34人が本棚に入れています
本棚に追加
私に与えられた時間は僅かだ。
決められるはずなどないけど、誰と同室になりたいのか言わなければならないのだ。
でもその間にご飯を作り、後片付けをしてお風呂を焚かなければならない。
今まで狭いアパートの風呂がまはガスで、種火を付けてから着火しないといけなかった。
この家のバスルームがそんなのではないことは解るけど、それがどんな物なのかさえ想像すら出来ない私だった。
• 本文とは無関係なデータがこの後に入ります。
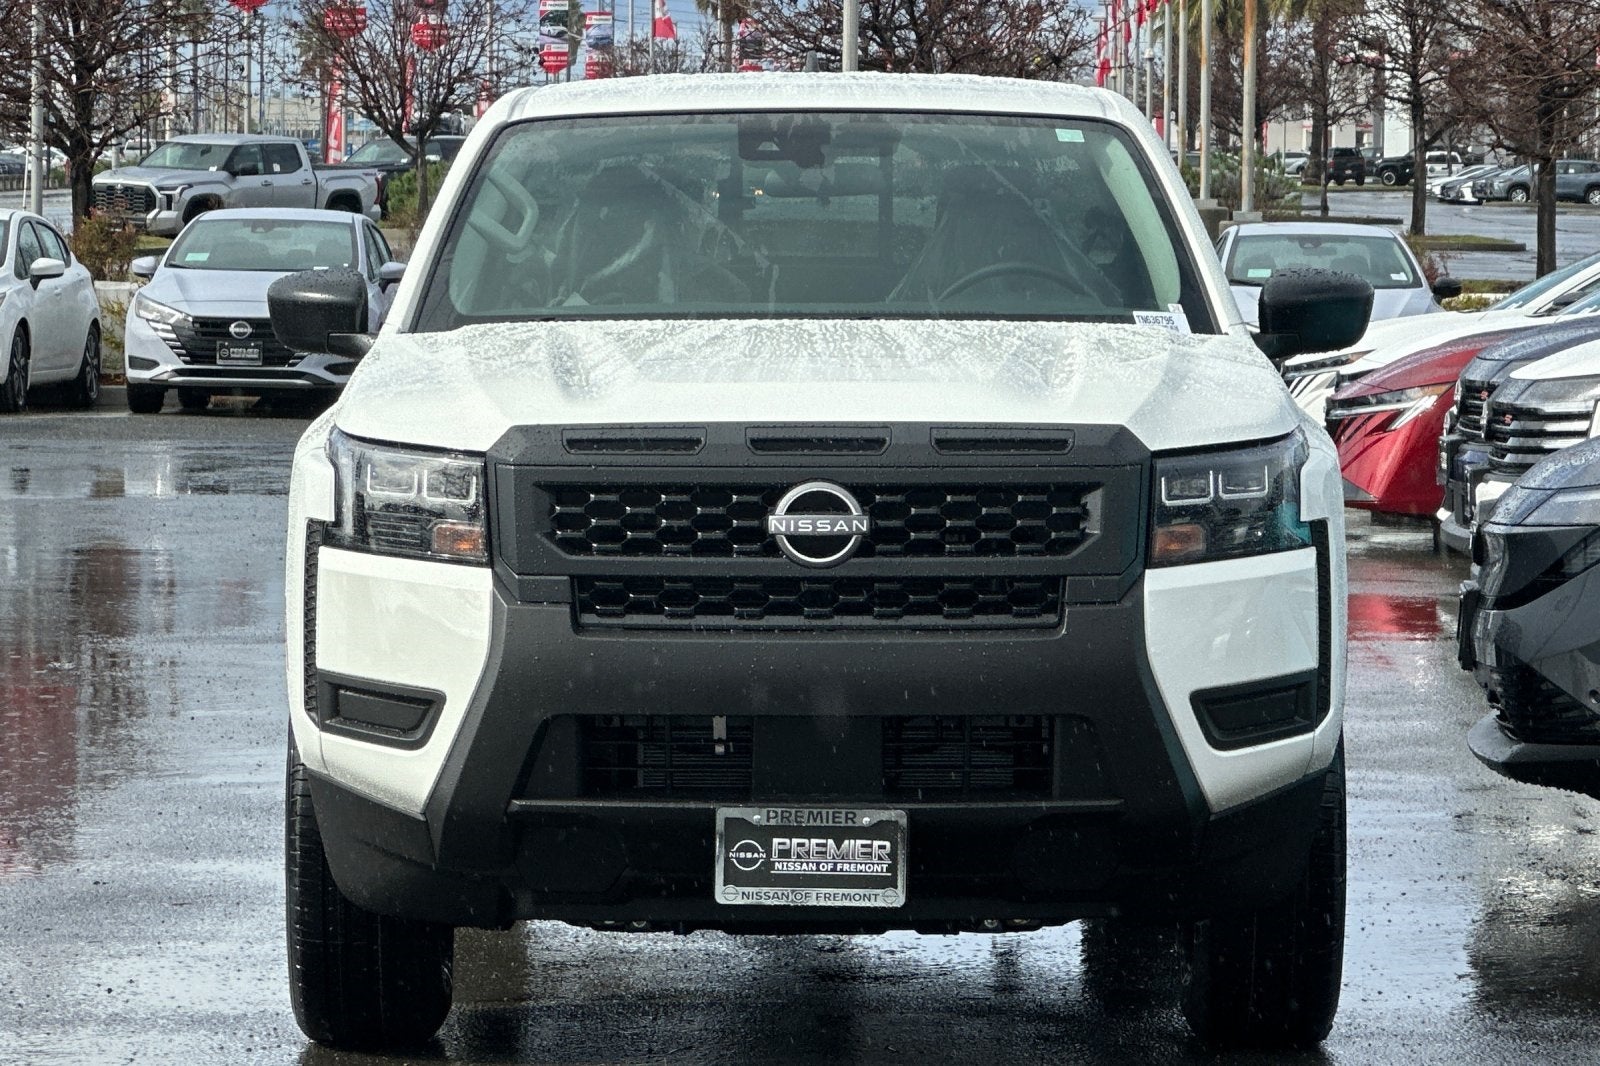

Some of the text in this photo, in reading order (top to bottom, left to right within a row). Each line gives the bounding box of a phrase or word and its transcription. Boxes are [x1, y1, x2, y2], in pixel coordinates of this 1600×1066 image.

[1136, 315, 1175, 325] TN636795
[771, 519, 867, 532] NISSAN
[766, 809, 857, 825] PREMIER
[728, 851, 767, 859] NISSAN
[771, 837, 892, 861] PREMIER
[774, 861, 889, 873] NISSAN OF FREMONT
[741, 891, 790, 901] NISSAN
[793, 892, 812, 902] OF
[815, 892, 881, 903] FREMONT
(バスタブを磨く何かあるのかな? それとも全自動だったりして……)
確か二十時間風呂、なんてのもあったと記憶している。
風呂のお湯を巡回して、キレイにするタイプだ。
私は忙しくなると思いながらも、下らないことばかり考えていたのだった。
それでも私は、この家に置いてもらうために精一杯頑張ろうと決めていた。
(さあ、キッチンへ向かうぞ)
私はやたらと力んでいた。
でも、張り切ったのも束の間。
引っ越し蕎麦の出前が届けられた。
「引っ越しと言えばこれだろう。気を利かせて頼んでやっておいたよ」
大君が得意そうに言った。
「流石気配り上手。松宮高校のムードメーカーだけのことある」
私は料理する時間を取られなかったことを感謝していた。
だってきっと、私の料理なんて食べられたもんじゃないよ。
私はそれを自覚していた。
だからボロが出ないように、庭の管理に逃げたのだった。
でも、此処に置いてもらう以上料理はならなくちゃいけないと思っていた。
(ねえ、直樹君。何が好きなの? 直樹君の好きなものなら私何でも頑張っちゃうよ)
私は直樹君の顔を見つめた。
「そこ、イチャイチャしない」
秀樹君の鋭い突っ込みが入った。
「そんな言い方止めてくれよ兄貴。これから風呂に入って寝るって前に」
「お、ルームシェア宣言か?」
秀樹君の指摘に直樹君は固まった。
「あっ、そうだ。お風呂ふったてておきます」
私は動揺を隠そうとして慌ててバスルームへ向かった。
お風呂に行って驚いた。
だってボイラーが外にあるなんて見たこともなかったのだから。
湯船を洗ってスイッチオン。
それだけで終わる。
食事の後、一番先に入れてもらった。
一坪もないような狭い自分の家の浴槽を思い出した。
「陽菜ちゃんごめんね」
私は今日の出来事を思い出して、出会えなかった友人に謝っていた。
最初のコメントを投稿しよう!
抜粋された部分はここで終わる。